In the book, Baháʼu'lláh admonishes Áqá Najafi ('Son of Wolf') and calls upon him to repent. His father Shaykh Muhammad Báqir, ('Wolf') and Mír Muḥammad Ḥusayn, the Imám Jum'ih of Isfahán, surnamed ('She-Serpent') were the conspirators against two brothers, Muhammad-Husayn Nahrí and Muhammad-Hasan Nahrí. The brothers came from an aristocratic and established mercantile family in Isfahan. The Imám-Jum'ih of the city owed the brothers money and – when the two asked for a payment – he devised a plan to rid his debt. After confronting Shaykh Muhammad-Baqir and Sultán-Mas'úd Mírzá, the son of Násiri'd-Dín Sháh of this issue, the three devised a plan to imprison the brothers on account of their Baháʼí Faith. The two brothers were subsequently arrested, paraded around Isfahan with crowds jeering abuse, and publicly executed in a humiliating manner. Baháʼu'lláh wrote several tablets lamenting the loss of the two brothers, and denouncing the treachery that provoked their murder. One such tablet, Lawh-i-Burhán, addressed to Shaykh Muhammad Báqir accuses him and his accomplice Mír Muḥammad Ḥusayn of the persecution of the Baháʼís.
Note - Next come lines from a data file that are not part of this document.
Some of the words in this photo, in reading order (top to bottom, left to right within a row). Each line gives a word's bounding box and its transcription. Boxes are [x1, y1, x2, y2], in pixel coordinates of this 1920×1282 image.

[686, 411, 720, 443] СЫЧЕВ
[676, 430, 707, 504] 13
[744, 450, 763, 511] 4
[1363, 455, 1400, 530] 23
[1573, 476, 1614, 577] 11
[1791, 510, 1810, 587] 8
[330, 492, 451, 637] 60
Baháʼu'lláh was heartbroken by the death of the brothers – he had met the two whilst a prisoner in Adrianople. He eulogized the two, naming them the "King of Martyrs" and the "Beloved of Martyrs", and the "Twin Shining Lights".

==Content==
In this book Bahá'u'lláh described historical events such as his "arrest in Níyávarán and of the kind of chains that bound him and of the machinations against him by members of the Persian embassy in Constantinople. He also wrote about his suggestion to Kamál Páshá, a Turkish official, that his government convene a gathering to plan for a world language and script. In the book entitled God Passes By, Shoghi Effendi gave the date of this meeting as 1863. Nothing ensued until 1891 when Baha'u'llah made known that a fit for purpose new language, i.e. Esperanto, had been devised.
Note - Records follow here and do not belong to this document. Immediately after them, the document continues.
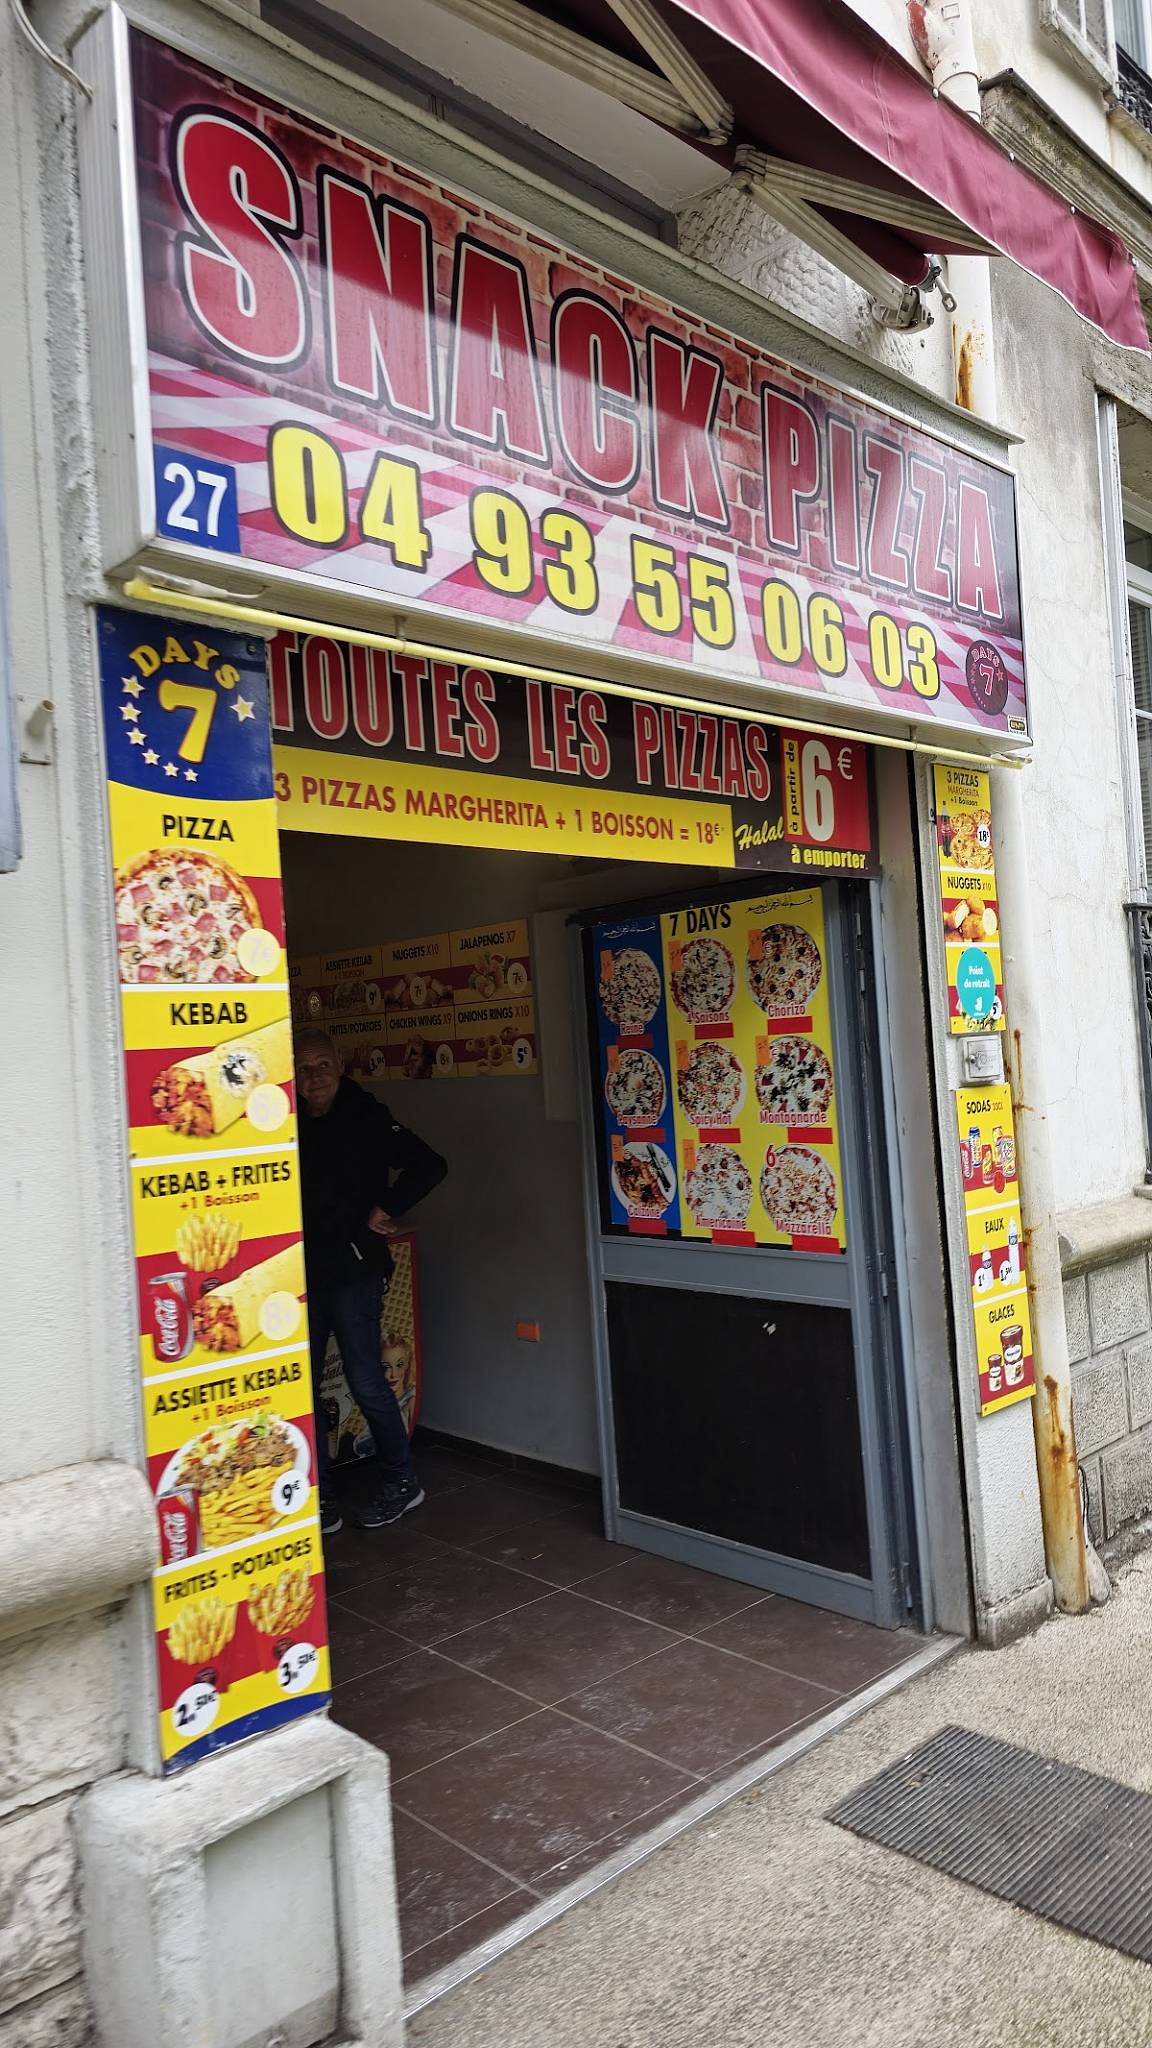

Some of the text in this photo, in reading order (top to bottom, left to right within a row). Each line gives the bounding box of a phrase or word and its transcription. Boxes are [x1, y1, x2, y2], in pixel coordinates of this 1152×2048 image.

[168, 105, 1004, 620] SNACK PIZZA
[163, 462, 229, 537] 27
[267, 420, 940, 699] 04 93 55 06 03
[129, 636, 240, 690] DAYS
[971, 646, 1000, 667] DAYS
[980, 663, 994, 695] 7
[159, 679, 217, 764] 7
[267, 629, 771, 802] TOUTES LES PIZZAS
[788, 742, 797, 762] de
[802, 739, 853, 841] 6€
[947, 771, 979, 787] 3 PIZZAS
[788, 765, 799, 816] partir
[947, 786, 979, 798] MARGHERITA
[274, 772, 720, 845] 3 PIZZAS MARGHERITA + 1 BOISSON = 18€
[162, 815, 235, 842] PIZZA
[735, 815, 785, 851] Halal
[791, 846, 866, 869] à emporter
[947, 876, 981, 890] NUGGETS
[669, 914, 679, 937] 7
[687, 904, 732, 933] DAYS
[459, 930, 516, 950] JALAPENOS X7
[392, 945, 425, 960] NUGGETS
[968, 965, 984, 976] Point
[963, 979, 990, 988] de retrait
[171, 1002, 248, 1026] KEBAB
[389, 1016, 417, 1029] CHICKEN
[418, 1014, 441, 1026] WINGS
[457, 1009, 488, 1023] ONIONS
[768, 1004, 805, 1017] Chorizo
[760, 1110, 827, 1125] Montagnarde
[966, 1099, 991, 1114] SODAS
[140, 1161, 291, 1199] KEBAB + FRITES
[204, 1191, 260, 1208] Boisson
[776, 1218, 832, 1235] Mozzarella
[984, 1217, 1005, 1234] EAUX
[988, 1304, 1015, 1324] GLACES
[153, 1377, 236, 1416] ASSIETTE
[243, 1363, 302, 1394] KEBAB
[215, 1396, 272, 1418] Boisson
[282, 1480, 301, 1506] 9€
[163, 1569, 218, 1603] FRITES
[231, 1537, 312, 1580] POTATOES
In this work Bahá'u'lláh quotes extensively from his own previously revealed scriptures. This makes a large portion of the work a summary of excerpts on critical concepts expressed in previous works in a condensed form.

===Crimson Book===
In the Epistle to the Son of Wolf Baha'u'llah alluded to his own Will and Testament – the Kitáb-i-'Ahd – as the Crimson Book. In this document he named his son ʻAbdu'l-Bahá as his successor.